# TO DO:
Give the data below again exactly, and drop each picture from it.

- - - - -

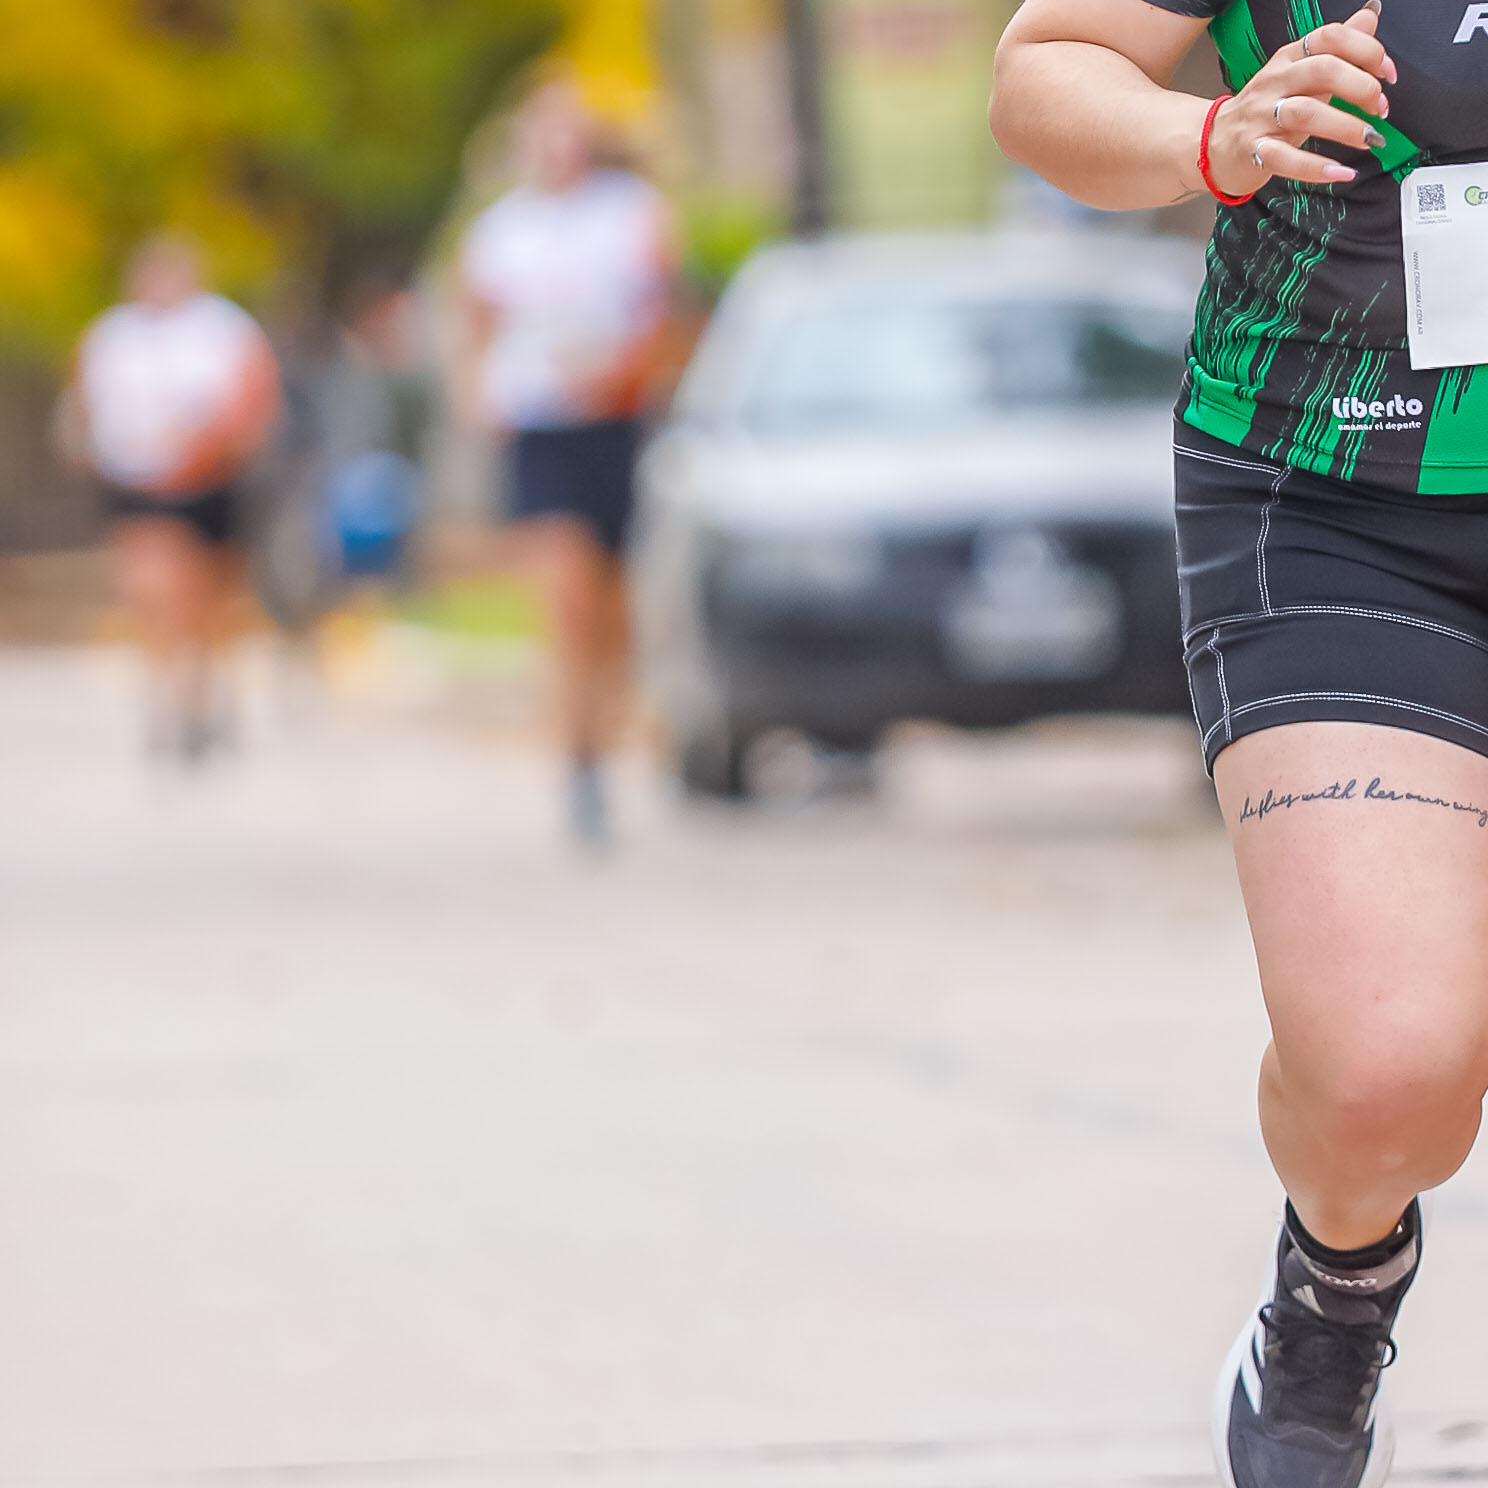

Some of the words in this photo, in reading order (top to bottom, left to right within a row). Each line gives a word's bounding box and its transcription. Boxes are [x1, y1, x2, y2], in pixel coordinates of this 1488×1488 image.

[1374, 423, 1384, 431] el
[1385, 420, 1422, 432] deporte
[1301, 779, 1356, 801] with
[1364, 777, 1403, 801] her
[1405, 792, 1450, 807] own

- - - - -

# SOLUTION TO THE PROBLEM:
Some of the words in this photo, in reading order (top to bottom, left to right within a row). Each line gives a word's bounding box and its transcription. Boxes are [x1, y1, x2, y2], in pixel coordinates of this 1488×1488 image.

[1374, 423, 1384, 431] el
[1385, 420, 1422, 432] deporte
[1301, 779, 1356, 801] with
[1364, 777, 1403, 801] her
[1405, 792, 1450, 807] own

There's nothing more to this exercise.